* _What needs to be done_
Pictures are to be left out, and the rest of the records reproduced exactly.

━━━━

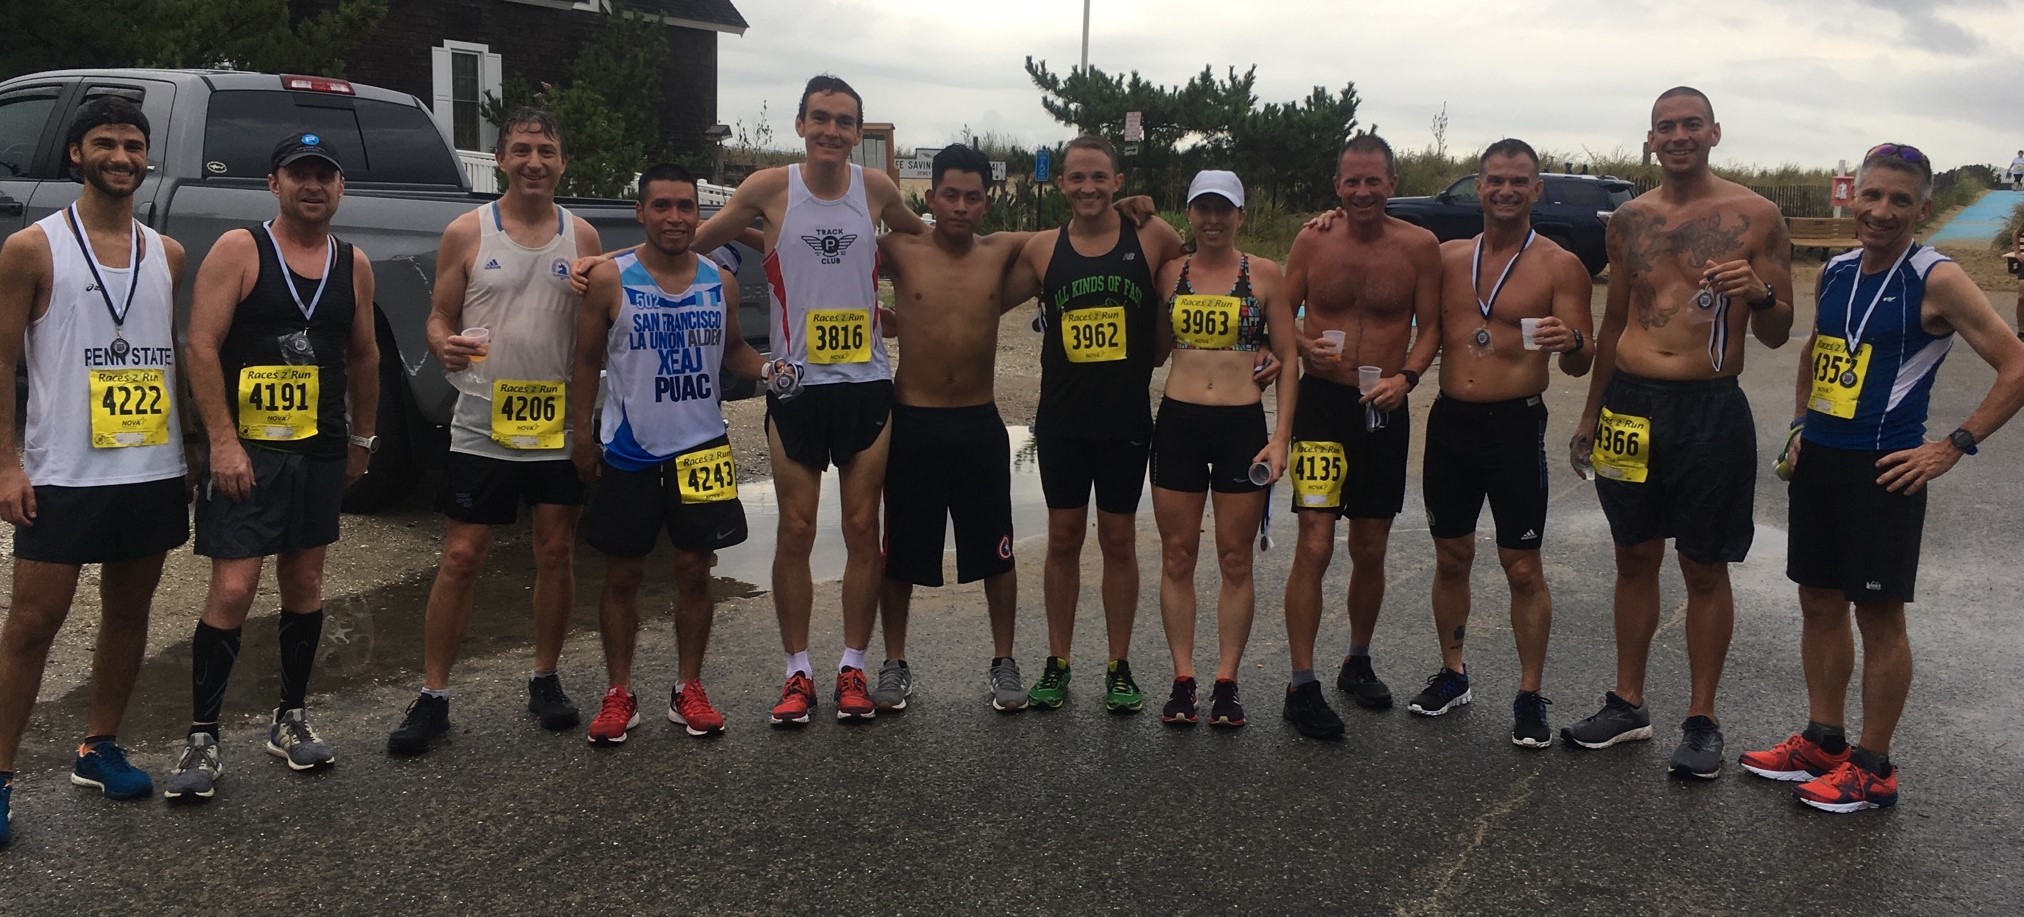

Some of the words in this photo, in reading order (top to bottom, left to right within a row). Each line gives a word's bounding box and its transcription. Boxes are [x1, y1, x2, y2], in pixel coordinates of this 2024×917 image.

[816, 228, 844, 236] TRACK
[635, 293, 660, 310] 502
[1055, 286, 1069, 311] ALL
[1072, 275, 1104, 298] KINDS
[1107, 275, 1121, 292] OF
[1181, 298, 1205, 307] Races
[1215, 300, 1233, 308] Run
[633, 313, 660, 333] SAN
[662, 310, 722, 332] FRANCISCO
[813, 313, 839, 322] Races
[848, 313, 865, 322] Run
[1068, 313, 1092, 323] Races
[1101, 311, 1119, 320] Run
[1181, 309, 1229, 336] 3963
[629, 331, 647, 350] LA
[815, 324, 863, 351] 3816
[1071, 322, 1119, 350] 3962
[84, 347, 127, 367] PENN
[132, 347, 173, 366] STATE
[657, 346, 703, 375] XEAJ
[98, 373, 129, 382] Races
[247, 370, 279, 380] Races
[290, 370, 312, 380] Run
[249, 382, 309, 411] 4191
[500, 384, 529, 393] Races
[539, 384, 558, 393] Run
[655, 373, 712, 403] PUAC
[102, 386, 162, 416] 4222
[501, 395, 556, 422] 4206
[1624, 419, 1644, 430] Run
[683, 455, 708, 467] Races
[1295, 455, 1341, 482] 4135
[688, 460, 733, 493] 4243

━━━━

* _Response for this exercise_
Some of the words in this photo, in reading order (top to bottom, left to right within a row). Each line gives a word's bounding box and its transcription. Boxes are [x1, y1, x2, y2], in pixel coordinates of this 2024×917 image.

[816, 228, 844, 236] TRACK
[635, 293, 660, 310] 502
[1055, 286, 1069, 311] ALL
[1072, 275, 1104, 298] KINDS
[1107, 275, 1121, 292] OF
[1181, 298, 1205, 307] Races
[1215, 300, 1233, 308] Run
[633, 313, 660, 333] SAN
[662, 310, 722, 332] FRANCISCO
[813, 313, 839, 322] Races
[848, 313, 865, 322] Run
[1068, 313, 1092, 323] Races
[1101, 311, 1119, 320] Run
[1181, 309, 1229, 336] 3963
[629, 331, 647, 350] LA
[815, 324, 863, 351] 3816
[1071, 322, 1119, 350] 3962
[84, 347, 127, 367] PENN
[132, 347, 173, 366] STATE
[657, 346, 703, 375] XEAJ
[98, 373, 129, 382] Races
[247, 370, 279, 380] Races
[290, 370, 312, 380] Run
[249, 382, 309, 411] 4191
[500, 384, 529, 393] Races
[539, 384, 558, 393] Run
[655, 373, 712, 403] PUAC
[102, 386, 162, 416] 4222
[501, 395, 556, 422] 4206
[1624, 419, 1644, 430] Run
[683, 455, 708, 467] Races
[1295, 455, 1341, 482] 4135
[688, 460, 733, 493] 4243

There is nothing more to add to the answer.